The former Lib Dem leader claims he's not a failure: 'History will smile on the coalition'.
The world’s smallest violin is playing for Nick Clegg today, who has complained in his latest iNews column that nobody seemed to think he deserved his Knighthood.
The absurdity of knighting one of the least successful politicians ever united both the left and the right when it was announced in December that Clegg would be included in the New Year Honours List.
Lest we forget, this is the man who – as Nate Higgins wrote for Left Foot Forward at the time – managed to lose 87% of his party’s seats in his 8-year term as party leader; who entered a coalition with a party his base found abhorrent; who jettisoned his party’s most popular policies in order to achieve electoral reform, and instead ended up all but killing the cause for almost half a decade.
But Clegg has hit back. In a brazen opinion piece he claims that ‘history will smile on the coalition’.
Of all the arguments deployed against his Knighthood, he takes particular umbrage with criticism from the ‘Corbynite Left’ — except by ‘Corbynite Left’ he appears to mean everyone who is critical of the Coalition’s austerity policies. He is deluded if he thinks this does not extend further than ‘Corbynites’.
Clegg is widely blamed for the harm David Cameron’s coalition government did because he made it possible. If the Lib Dems had refused to enter into a coalition with the Tories it’s likely we would have had another vote instead.

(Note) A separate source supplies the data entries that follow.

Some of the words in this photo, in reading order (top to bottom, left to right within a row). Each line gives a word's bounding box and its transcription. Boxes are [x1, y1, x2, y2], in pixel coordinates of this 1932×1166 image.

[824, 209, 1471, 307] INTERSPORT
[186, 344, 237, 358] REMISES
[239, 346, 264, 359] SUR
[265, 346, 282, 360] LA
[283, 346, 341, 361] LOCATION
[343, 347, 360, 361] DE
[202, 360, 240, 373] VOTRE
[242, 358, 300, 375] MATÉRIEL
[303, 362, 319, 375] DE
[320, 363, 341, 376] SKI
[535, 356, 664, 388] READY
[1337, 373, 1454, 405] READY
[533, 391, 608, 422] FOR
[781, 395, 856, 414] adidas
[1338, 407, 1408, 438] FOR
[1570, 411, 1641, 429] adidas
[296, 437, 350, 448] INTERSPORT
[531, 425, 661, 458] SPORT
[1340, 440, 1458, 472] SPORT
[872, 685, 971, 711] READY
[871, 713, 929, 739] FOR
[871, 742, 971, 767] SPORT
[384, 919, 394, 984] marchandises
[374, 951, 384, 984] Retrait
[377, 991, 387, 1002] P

In entering into the coalition, he abandoned the policies that made many people vote for his party — splitting the left vote, in the first place — like scrapping tuition fees.
He then spent five years in the Tories’ austerity bed insisting that cutting public services was in the national interest. It didn’t work — as many people predicted — and millions of people suffered as a consequence.
Now, in his column, he has claimed that the coalition cut the deficit more slowly than Labour would have done, as if this was by design rather than the result of poor policy.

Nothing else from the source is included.